London, England. Cool traffic circulates. A quiet, hot day: somewhere in the distance — a bass tone.
In High Street, Kensington, where the trees of Hyde Park creep out among the buildings, stands the age-old structure of the Derry and Toms department store. Tier upon impressive tier, it is proud among its peers.
On the roof of the store, in a lot of rich earth, grow shrubs and trees and flowers, and there are little streams and ponds with goldfish and ducks. Who better to describe this roof-garden than those who built it? In the 1966 edition of their brochure, Derry and Toms said: 'They are the only gardens in the world of such large dimensions at so great a height, over 100 ft above ground level, overlooking London with St Paul's in the distance. The gardens are 11/2 acres in extent and comprise an Old English Garden, Tudor Courts and Flower Beds and a Spanish Garden with Moorish Pergolas and A Court of Fountains. The water for the fountains, the river and the waterfall, is drawn from our Artesian Wells 400 ft deep. The depth of the soil averages 2 ft 6 in. and the distribution of weight of this and the masonry used was arranged by the Company's architect when planning the Derry and Toms building. The Gardens took three years to build and were opened in May 1938 by the Earl of Athlone, K.G.
'From the balconies that adjoin the gardens you have the opportunity of enjoying the most magnificent views of London. You can see the spires and towers of the Kensington Museums, the great Dome of St Paul's, Westminster Abbey and Westminster Cathedral — the Albert Hall, Albert Memorial, etc.'
In order, the captions to the pictures read:
1. A delightful view of the Court of Fountains.
2. The water for the fountains, the river and the waterfall is drawn from our artesian wells four hundred feet deep.

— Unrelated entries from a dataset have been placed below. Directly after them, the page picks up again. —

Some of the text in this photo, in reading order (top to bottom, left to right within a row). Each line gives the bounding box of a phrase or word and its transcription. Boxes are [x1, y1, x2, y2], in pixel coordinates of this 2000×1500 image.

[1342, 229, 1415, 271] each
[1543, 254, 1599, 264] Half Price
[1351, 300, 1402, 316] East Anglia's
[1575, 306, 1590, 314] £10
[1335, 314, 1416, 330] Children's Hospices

The depth of soil averages 2 feet 6 inches and the distribution of weight of this and the masonry was arranged by the company's architect when planning the Derry and Toms building.
3. The Spanish Gardens.
4. Fully matured fruit-bearing trees stretch up towards the sky.
5. Aerial view of the Spanish garden where palm-trees and grape-vines live the year round.
6. Corner of the Spanish garden showing the Well of St Theresa in a cobbled court — with vine-covered walls.
7. Another view of the Spanish garden — showing the spire of St Mary Abbot's Church in the background.
8. (Opposite) The magnificent Court of Fountains.
9. Flowers bloom in profusion and green lawns flourish .10. (Below) The Tudor Gardens .11. Views of the Spanish Gardens.
12. The campanile and convent with fountain in foreground -so typically Spanish in atmosphere.
13. Vine-covered archways leading to the Court of Fountains -all this one hundred feet above the traffic of London!
14. This garden has a world of pleasure in't (SHAKESPEARE)
15. The Tudor Gardens.
16. Entrance to the Tudor Gardens — you go back through history to the beginning of the sixteenth century.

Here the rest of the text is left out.